__Data for review__.

####

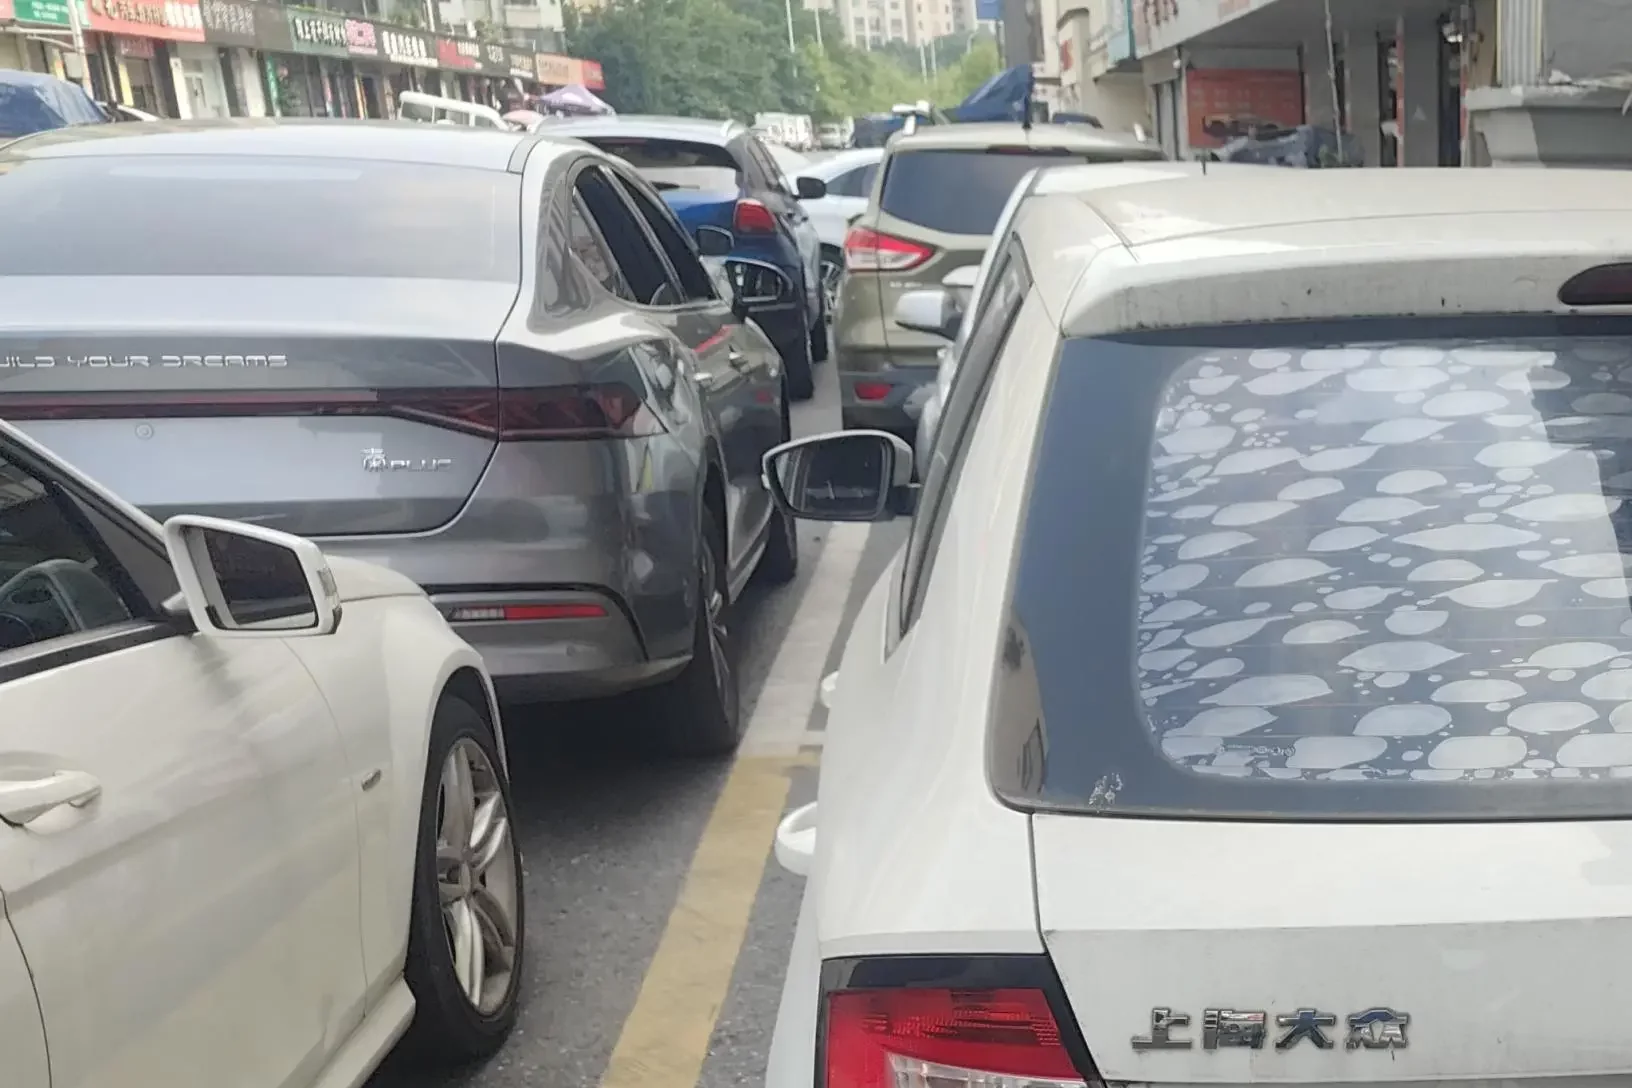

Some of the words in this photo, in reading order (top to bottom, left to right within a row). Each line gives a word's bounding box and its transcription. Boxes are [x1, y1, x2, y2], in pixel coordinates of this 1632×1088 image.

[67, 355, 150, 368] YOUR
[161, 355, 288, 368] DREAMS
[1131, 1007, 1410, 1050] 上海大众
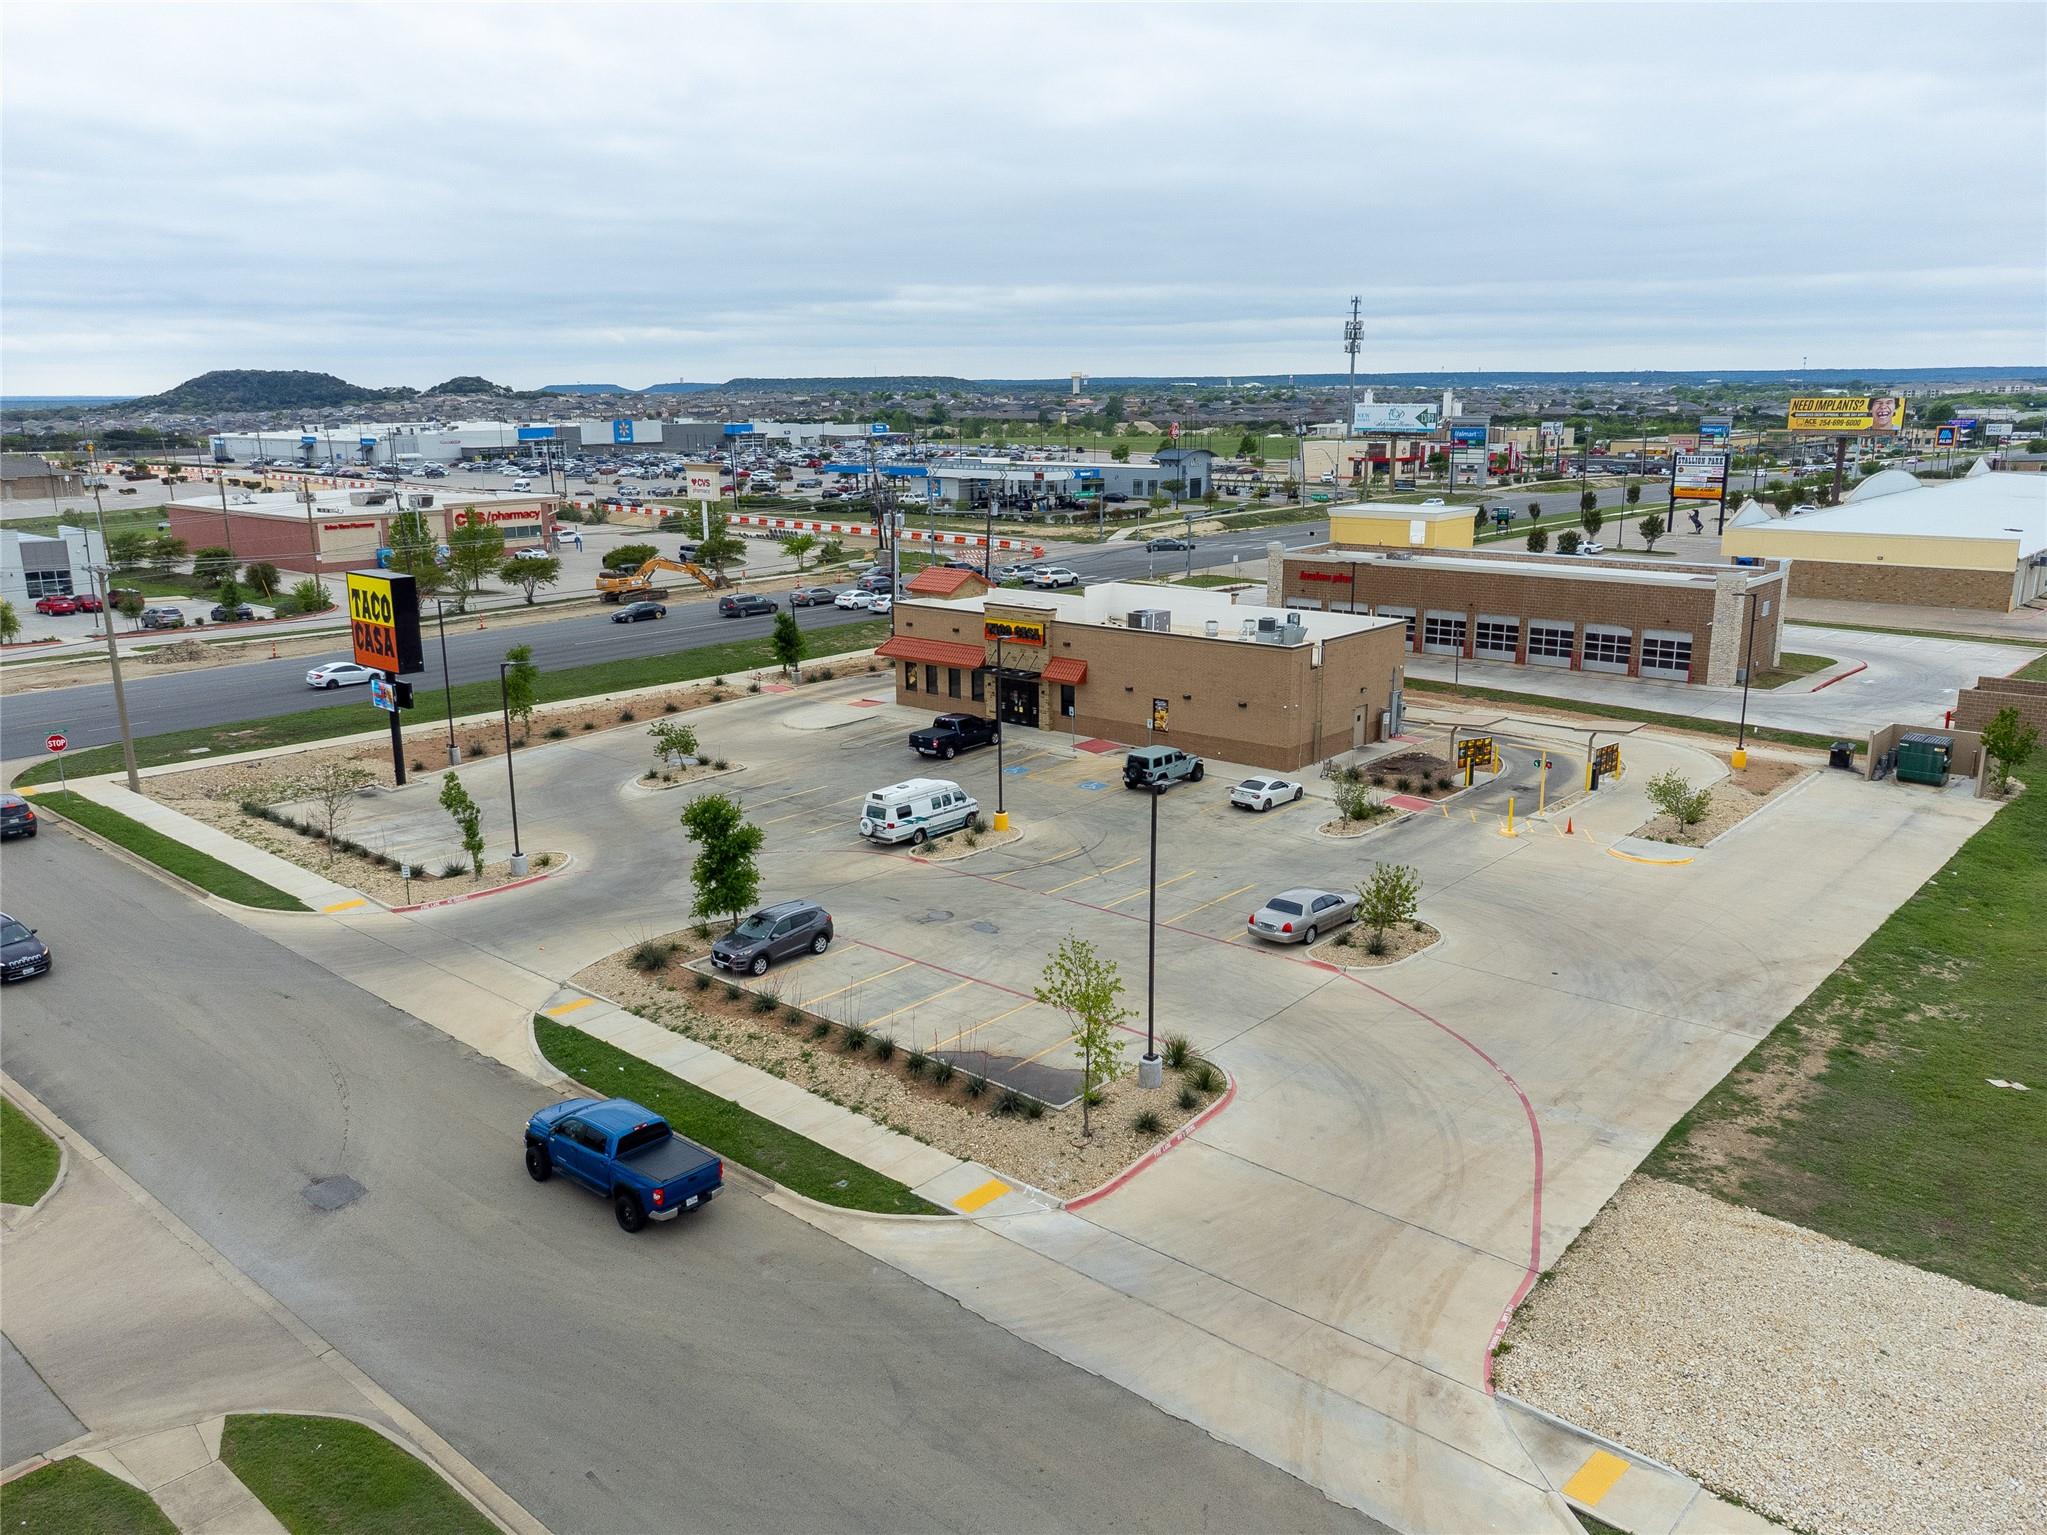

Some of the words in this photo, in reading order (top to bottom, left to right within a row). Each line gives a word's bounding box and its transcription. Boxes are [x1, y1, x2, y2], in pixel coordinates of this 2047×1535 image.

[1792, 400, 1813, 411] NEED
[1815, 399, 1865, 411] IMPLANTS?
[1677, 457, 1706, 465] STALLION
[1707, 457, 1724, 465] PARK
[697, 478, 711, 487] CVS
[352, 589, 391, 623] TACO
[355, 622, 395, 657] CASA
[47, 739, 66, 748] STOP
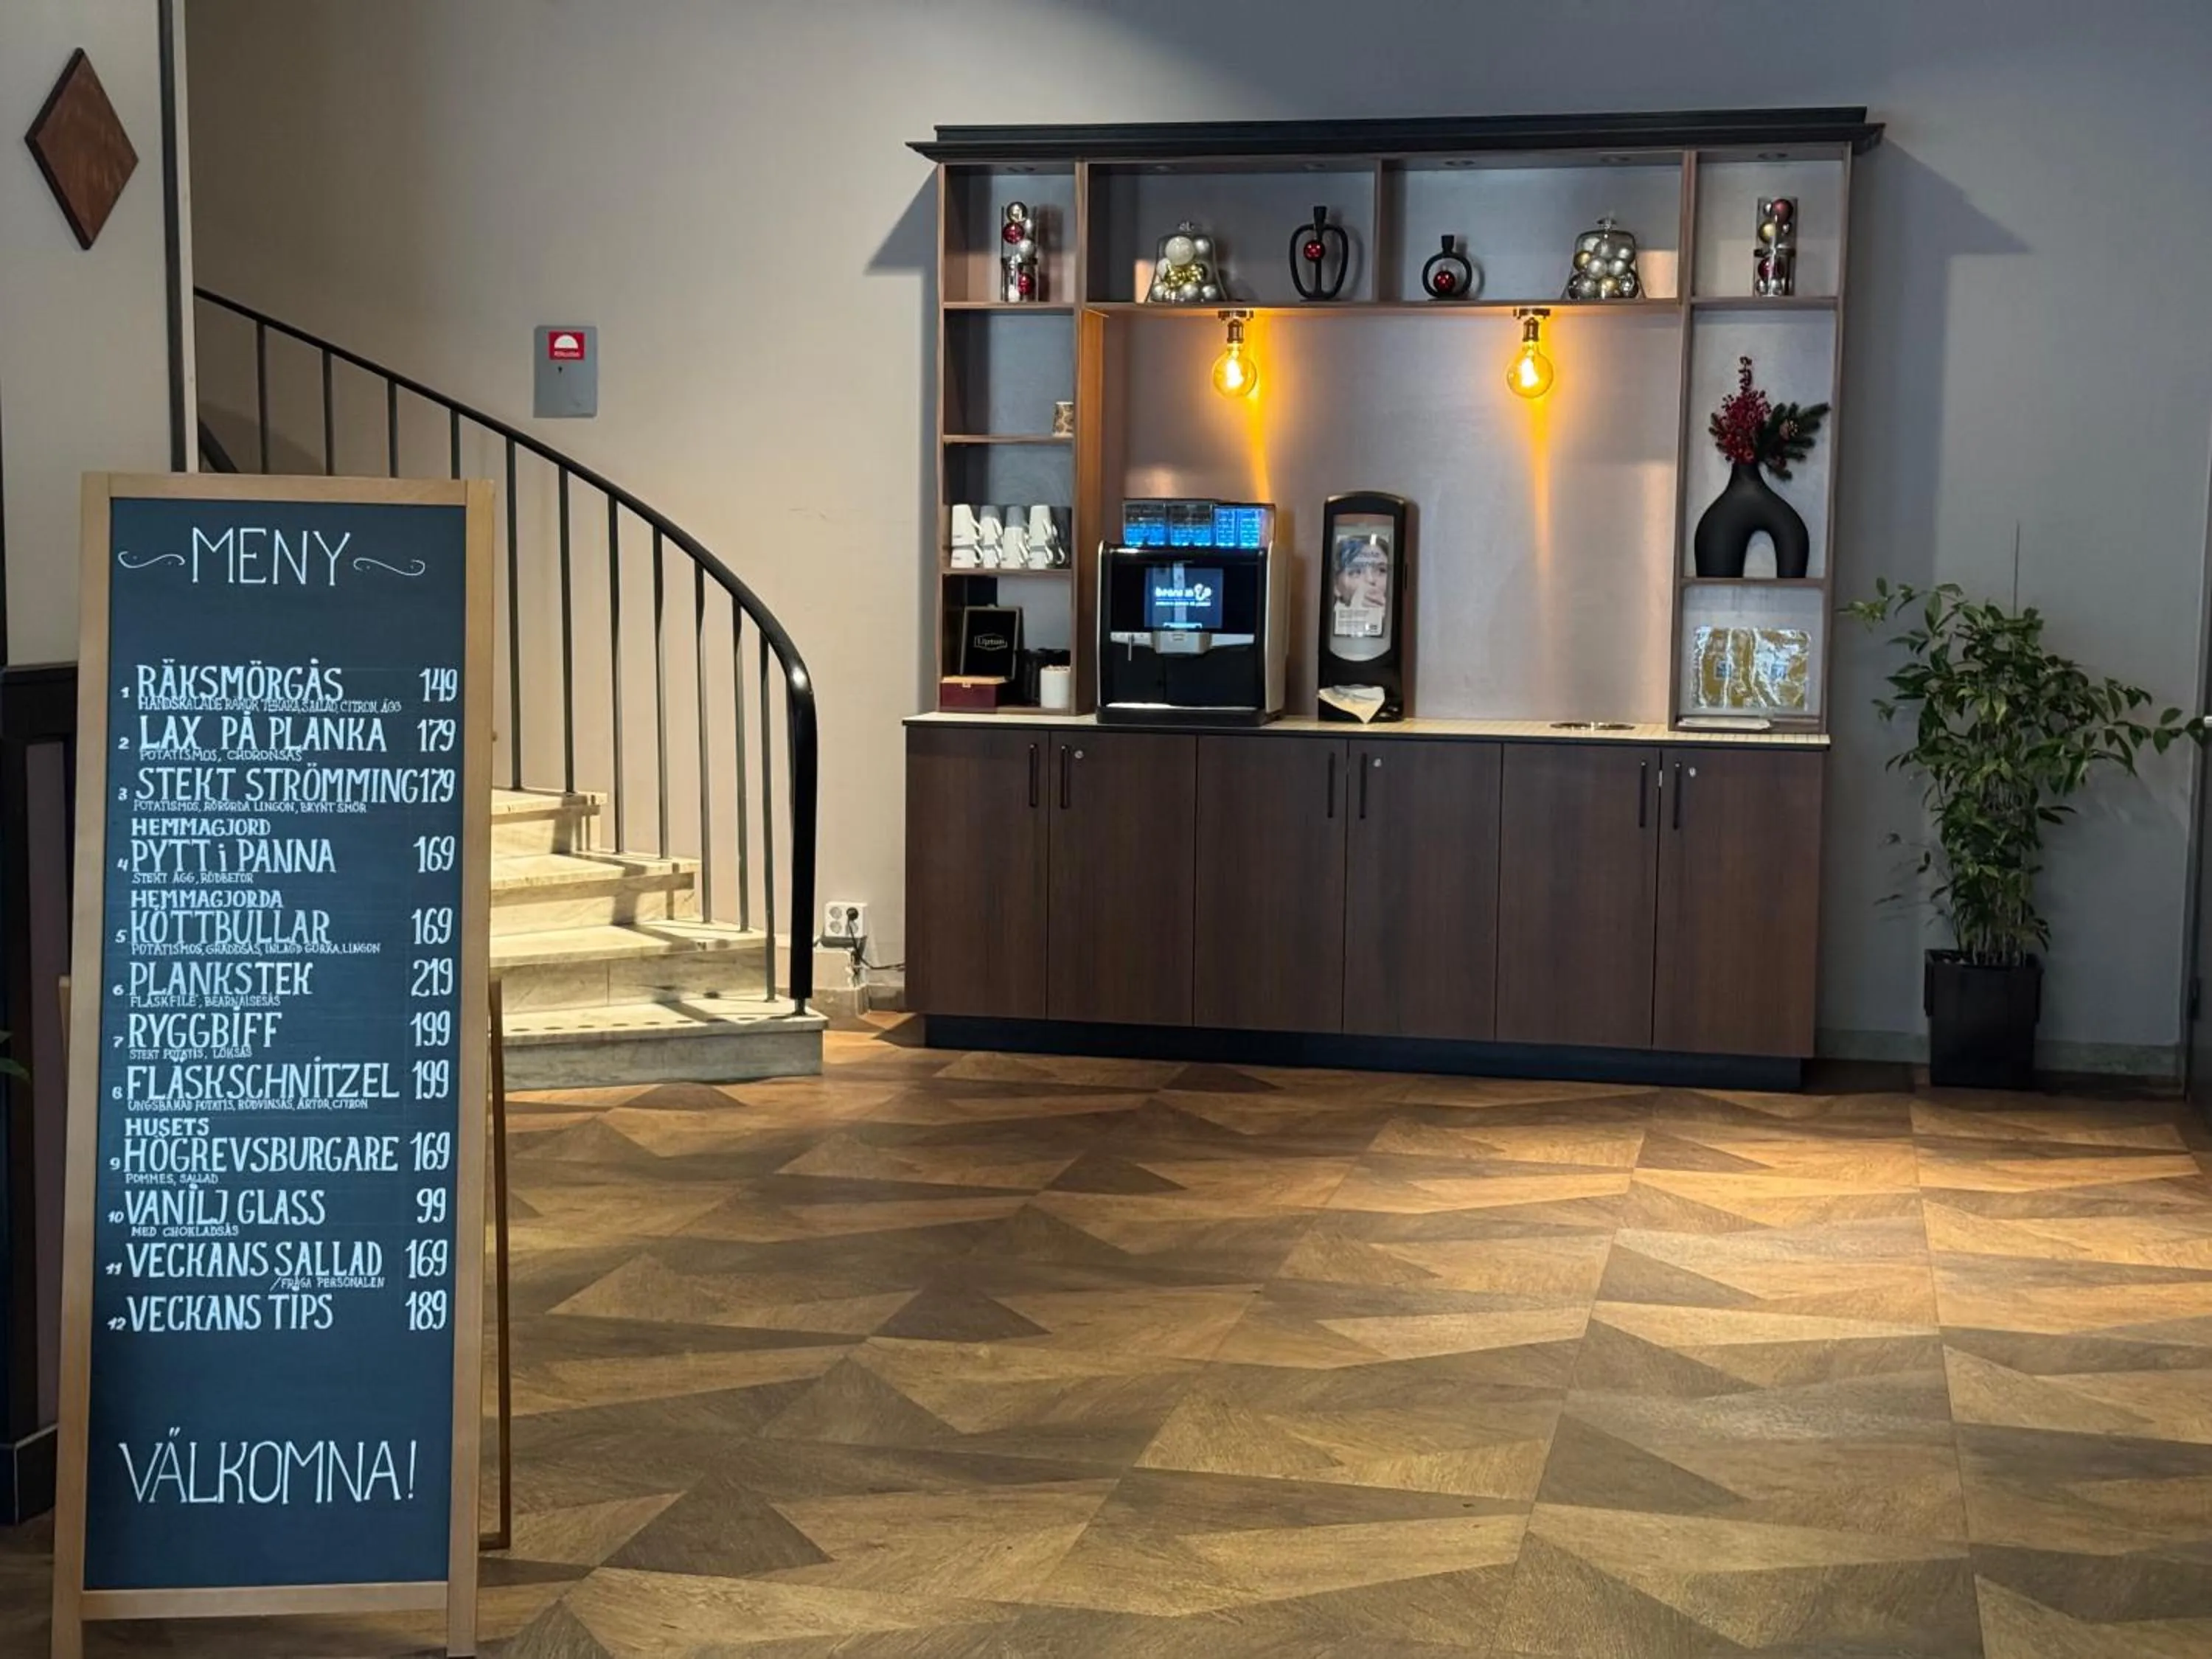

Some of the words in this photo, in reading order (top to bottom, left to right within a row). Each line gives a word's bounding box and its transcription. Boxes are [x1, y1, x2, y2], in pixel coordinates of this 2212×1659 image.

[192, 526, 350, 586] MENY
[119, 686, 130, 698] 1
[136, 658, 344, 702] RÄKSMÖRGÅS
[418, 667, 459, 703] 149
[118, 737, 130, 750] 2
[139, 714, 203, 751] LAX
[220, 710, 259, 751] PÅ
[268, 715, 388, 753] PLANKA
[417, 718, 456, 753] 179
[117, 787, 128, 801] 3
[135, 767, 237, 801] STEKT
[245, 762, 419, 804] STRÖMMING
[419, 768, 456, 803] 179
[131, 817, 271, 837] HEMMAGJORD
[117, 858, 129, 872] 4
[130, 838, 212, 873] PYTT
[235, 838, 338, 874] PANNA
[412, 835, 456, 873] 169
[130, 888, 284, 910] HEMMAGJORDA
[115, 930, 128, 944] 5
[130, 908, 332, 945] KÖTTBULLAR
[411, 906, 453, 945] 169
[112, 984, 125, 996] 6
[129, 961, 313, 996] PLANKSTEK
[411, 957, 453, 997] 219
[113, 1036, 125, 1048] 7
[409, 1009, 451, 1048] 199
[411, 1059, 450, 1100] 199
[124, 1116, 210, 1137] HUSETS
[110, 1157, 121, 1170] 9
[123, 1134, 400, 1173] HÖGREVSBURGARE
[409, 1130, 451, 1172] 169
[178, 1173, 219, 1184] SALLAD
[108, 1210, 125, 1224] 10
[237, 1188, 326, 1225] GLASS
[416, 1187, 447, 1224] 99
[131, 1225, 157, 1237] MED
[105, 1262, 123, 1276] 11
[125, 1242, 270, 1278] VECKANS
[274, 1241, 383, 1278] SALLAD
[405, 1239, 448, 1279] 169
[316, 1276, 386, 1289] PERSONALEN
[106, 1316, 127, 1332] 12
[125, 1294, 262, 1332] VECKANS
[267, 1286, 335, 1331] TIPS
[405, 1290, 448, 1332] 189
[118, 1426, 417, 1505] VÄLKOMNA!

####

Full copy, no pictures: write out each line of the data exactly as it stands.

__Result below__.
Some of the words in this photo, in reading order (top to bottom, left to right within a row). Each line gives a word's bounding box and its transcription. Boxes are [x1, y1, x2, y2], in pixel coordinates of this 1632×1088 image.

[67, 355, 150, 368] YOUR
[161, 355, 288, 368] DREAMS
[1131, 1007, 1410, 1050] 上海大众

Some of the words in this photo, in reading order (top to bottom, left to right within a row). Each line gives a word's bounding box and its transcription. Boxes are [x1, y1, x2, y2], in pixel coordinates of this 2047×1535 image.

[1792, 400, 1813, 411] NEED
[1815, 399, 1865, 411] IMPLANTS?
[1677, 457, 1706, 465] STALLION
[1707, 457, 1724, 465] PARK
[697, 478, 711, 487] CVS
[352, 589, 391, 623] TACO
[355, 622, 395, 657] CASA
[47, 739, 66, 748] STOP

Some of the words in this photo, in reading order (top to bottom, left to right within a row). Each line gives a word's bounding box and its transcription. Boxes are [x1, y1, x2, y2], in pixel coordinates of this 2212×1659 image.

[192, 526, 350, 586] MENY
[119, 686, 130, 698] 1
[136, 658, 344, 702] RÄKSMÖRGÅS
[418, 667, 459, 703] 149
[118, 737, 130, 750] 2
[139, 714, 203, 751] LAX
[220, 710, 259, 751] PÅ
[268, 715, 388, 753] PLANKA
[417, 718, 456, 753] 179
[117, 787, 128, 801] 3
[135, 767, 237, 801] STEKT
[245, 762, 419, 804] STRÖMMING
[419, 768, 456, 803] 179
[131, 817, 271, 837] HEMMAGJORD
[117, 858, 129, 872] 4
[130, 838, 212, 873] PYTT
[235, 838, 338, 874] PANNA
[412, 835, 456, 873] 169
[130, 888, 284, 910] HEMMAGJORDA
[115, 930, 128, 944] 5
[130, 908, 332, 945] KÖTTBULLAR
[411, 906, 453, 945] 169
[112, 984, 125, 996] 6
[129, 961, 313, 996] PLANKSTEK
[411, 957, 453, 997] 219
[113, 1036, 125, 1048] 7
[409, 1009, 451, 1048] 199
[411, 1059, 450, 1100] 199
[124, 1116, 210, 1137] HUSETS
[110, 1157, 121, 1170] 9
[123, 1134, 400, 1173] HÖGREVSBURGARE
[409, 1130, 451, 1172] 169
[178, 1173, 219, 1184] SALLAD
[108, 1210, 125, 1224] 10
[237, 1188, 326, 1225] GLASS
[416, 1187, 447, 1224] 99
[131, 1225, 157, 1237] MED
[105, 1262, 123, 1276] 11
[125, 1242, 270, 1278] VECKANS
[274, 1241, 383, 1278] SALLAD
[405, 1239, 448, 1279] 169
[316, 1276, 386, 1289] PERSONALEN
[106, 1316, 127, 1332] 12
[125, 1294, 262, 1332] VECKANS
[267, 1286, 335, 1331] TIPS
[405, 1290, 448, 1332] 189
[118, 1426, 417, 1505] VÄLKOMNA!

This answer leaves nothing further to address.